What to produce » The records appear below. Set down exactly each line from the one that contains "this 1440×1920 image." through the last, both included.

Given entries »

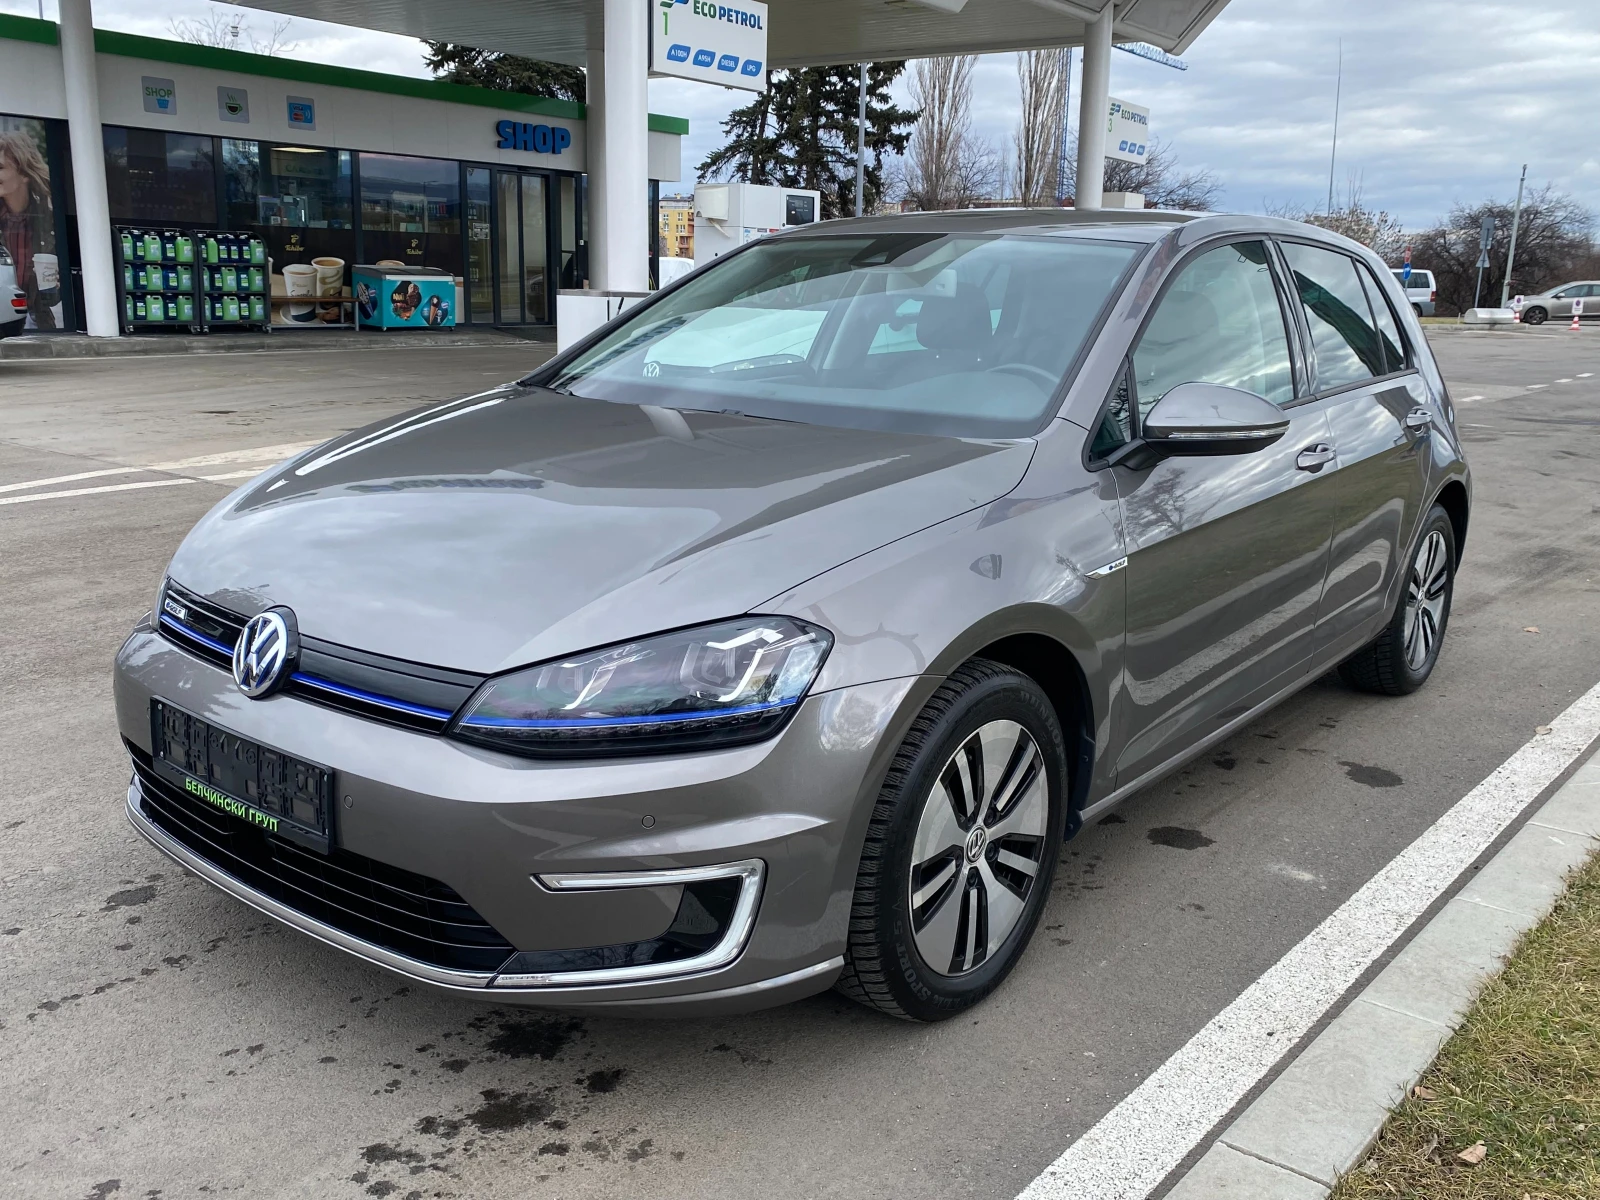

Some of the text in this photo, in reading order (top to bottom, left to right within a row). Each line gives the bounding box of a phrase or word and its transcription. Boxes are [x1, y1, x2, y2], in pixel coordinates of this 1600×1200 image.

[662, 11, 668, 35] 1
[721, 58, 735, 68] DIESEL
[746, 64, 756, 72] LPG
[145, 86, 173, 98] SHOP
[495, 119, 571, 154] SHOP
[1108, 118, 1112, 132] 3
[1020, 690, 1065, 759] DUNLOP
[185, 776, 280, 832] БЕЛЧИНСКИ ГРУП
[896, 941, 932, 1003] SPORT
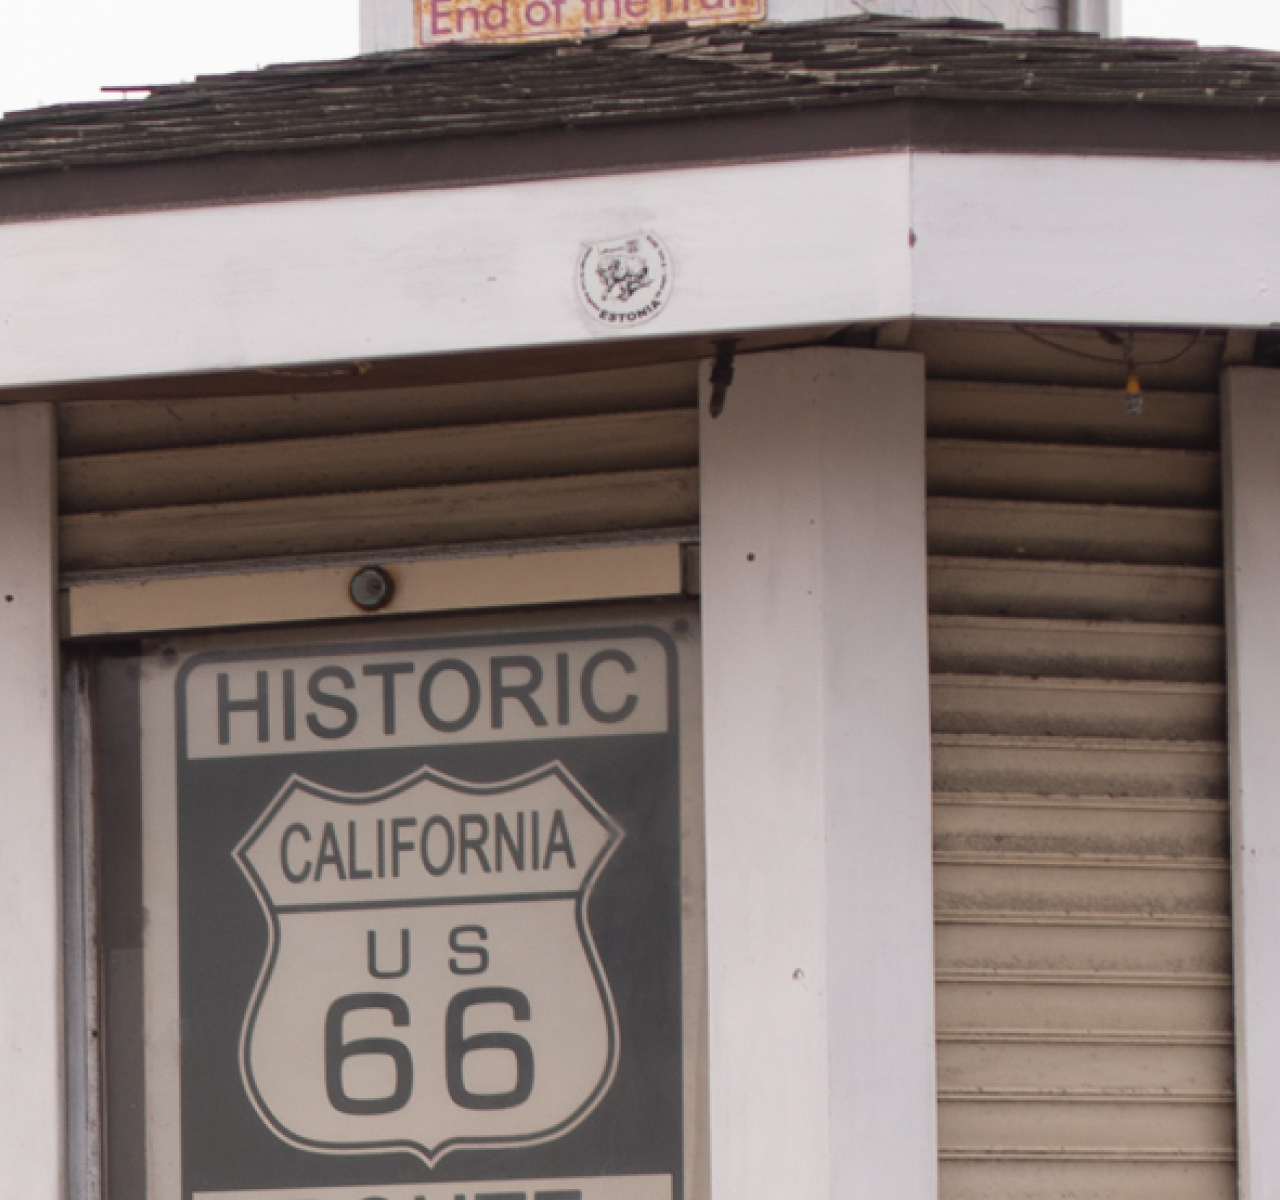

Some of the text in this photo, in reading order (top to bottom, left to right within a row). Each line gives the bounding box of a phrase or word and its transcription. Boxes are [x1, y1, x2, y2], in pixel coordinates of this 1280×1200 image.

[431, 0, 507, 35] End
[598, 300, 662, 323] ESTONIA
[216, 648, 640, 746] HISTORIC
[279, 809, 577, 884] CALIFORNIA
[324, 986, 536, 1116] 66
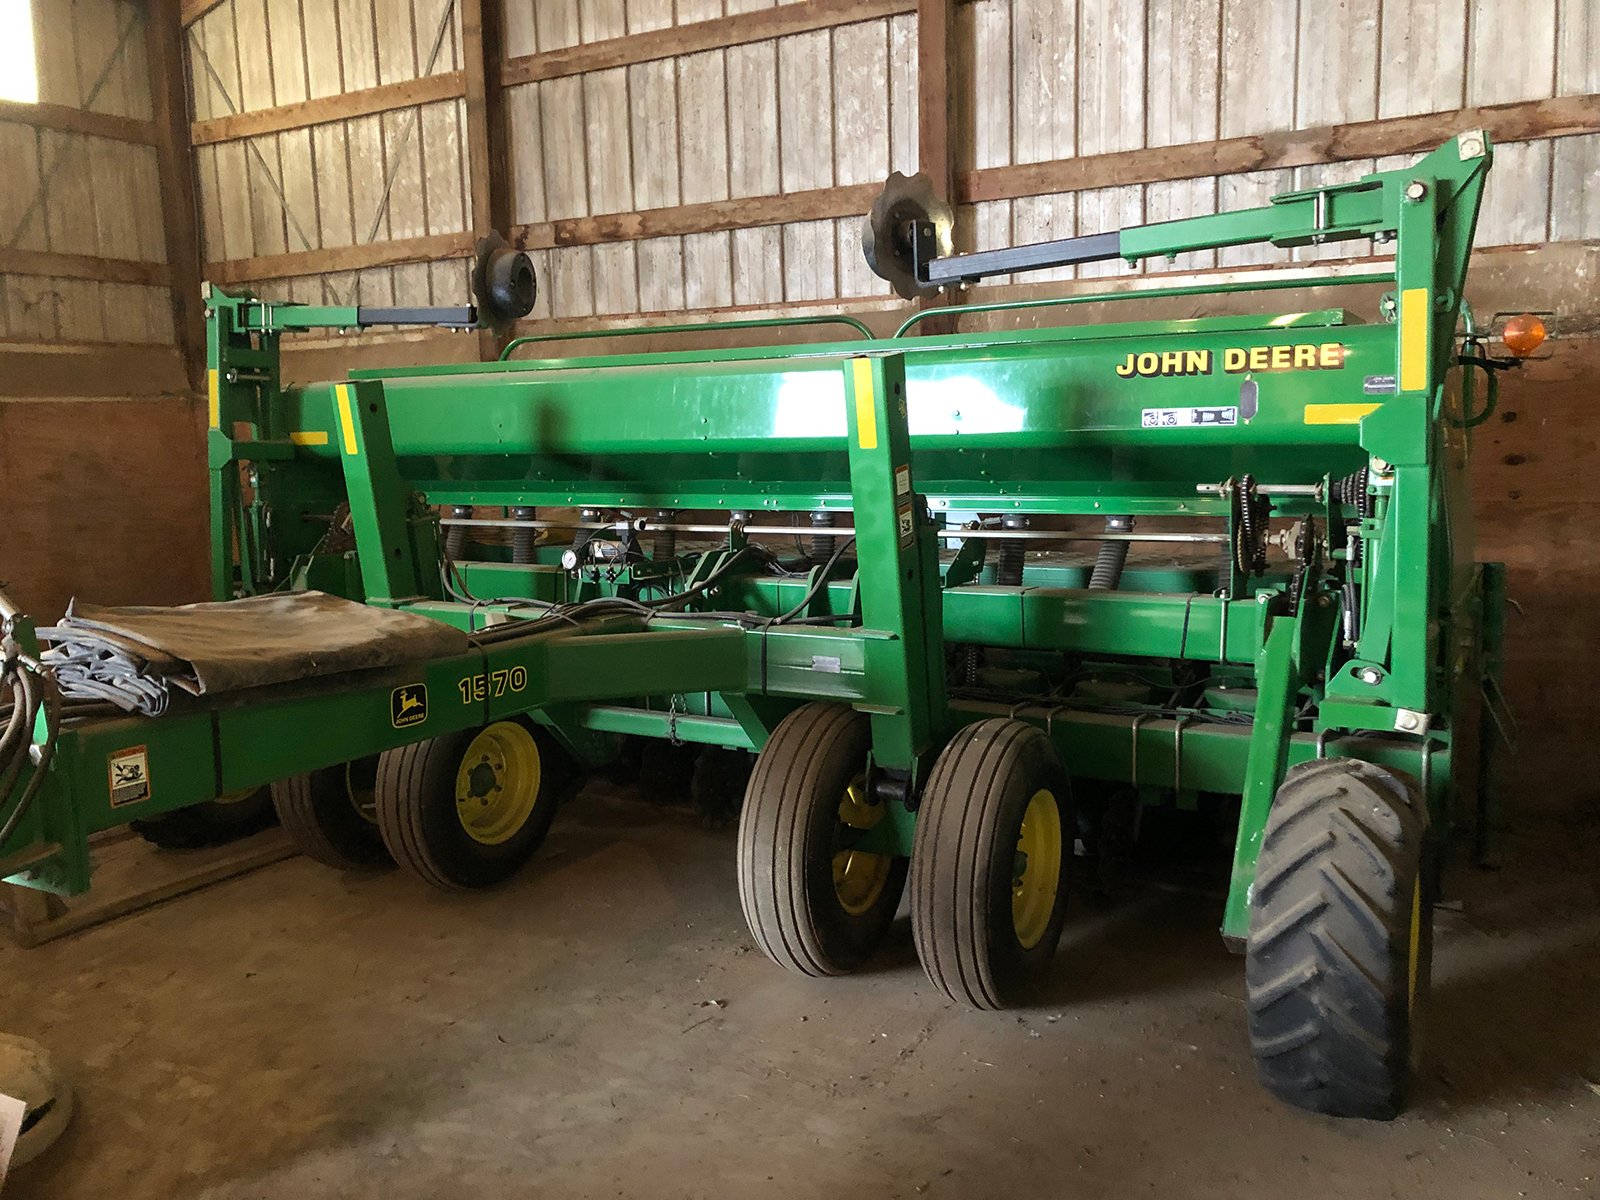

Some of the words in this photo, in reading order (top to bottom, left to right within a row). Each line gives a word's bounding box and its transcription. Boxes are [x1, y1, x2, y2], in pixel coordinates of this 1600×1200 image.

[1116, 350, 1211, 378] JOHN
[1224, 343, 1343, 373] DEERE
[458, 666, 527, 704] 1570
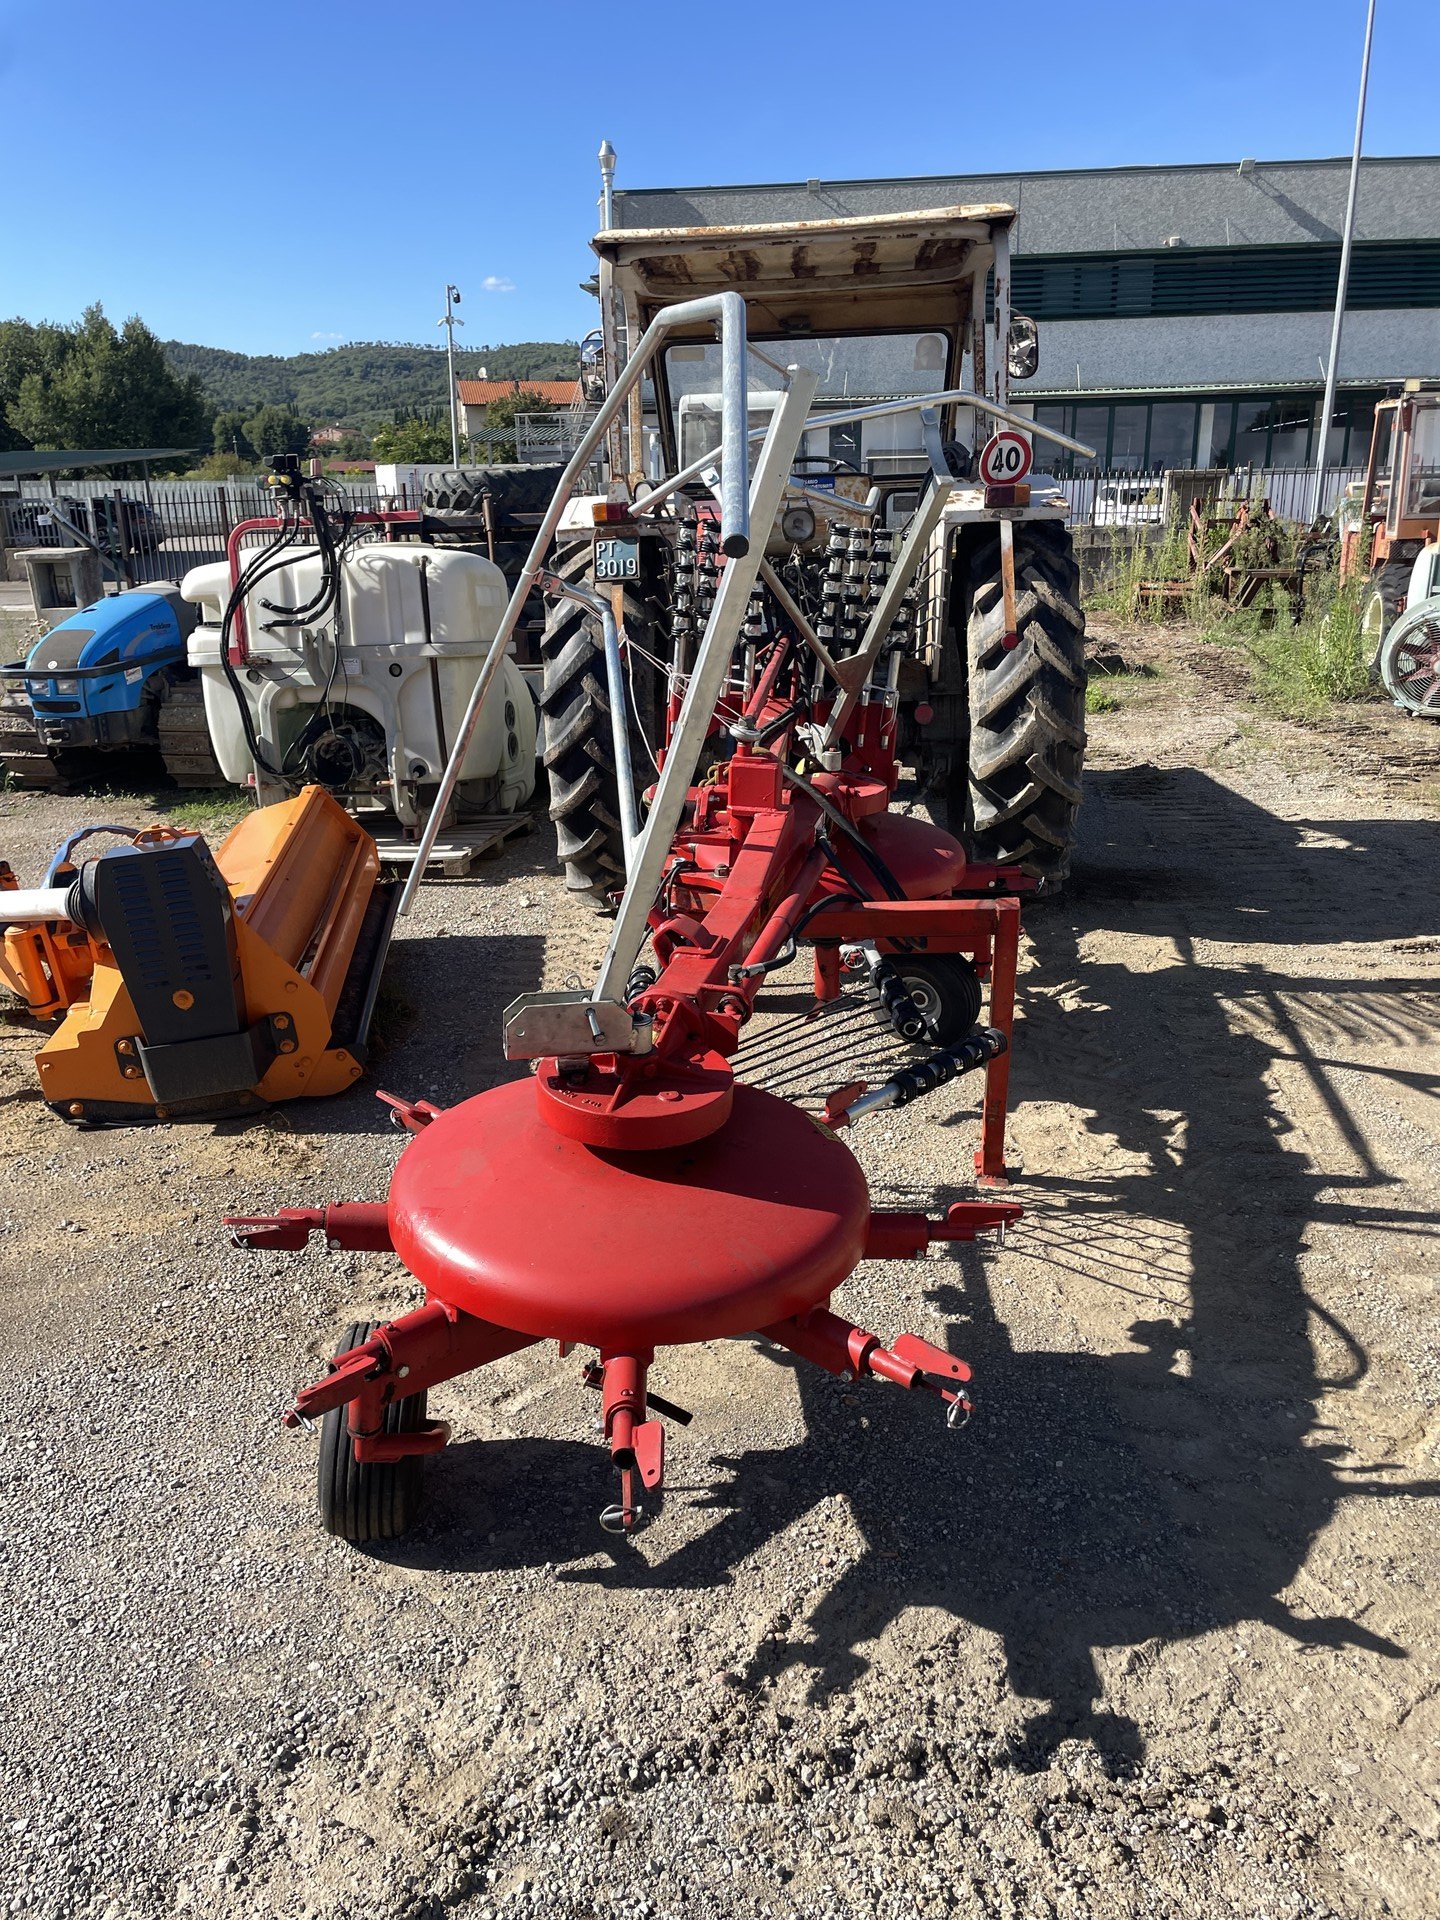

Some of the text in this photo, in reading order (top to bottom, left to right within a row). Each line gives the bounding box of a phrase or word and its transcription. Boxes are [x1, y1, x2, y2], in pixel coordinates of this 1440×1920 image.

[992, 446, 1020, 472] 40
[596, 541, 616, 559] PT
[596, 558, 636, 577] 3019

Task output »
Some of the text in this photo, in reading order (top to bottom, left to right within a row). Each line gives the bounding box of a phrase or word and its transcription. Boxes are [x1, y1, x2, y2], in pixel coordinates of this 1440×1920 image.

[992, 446, 1020, 472] 40
[596, 541, 616, 559] PT
[596, 558, 636, 577] 3019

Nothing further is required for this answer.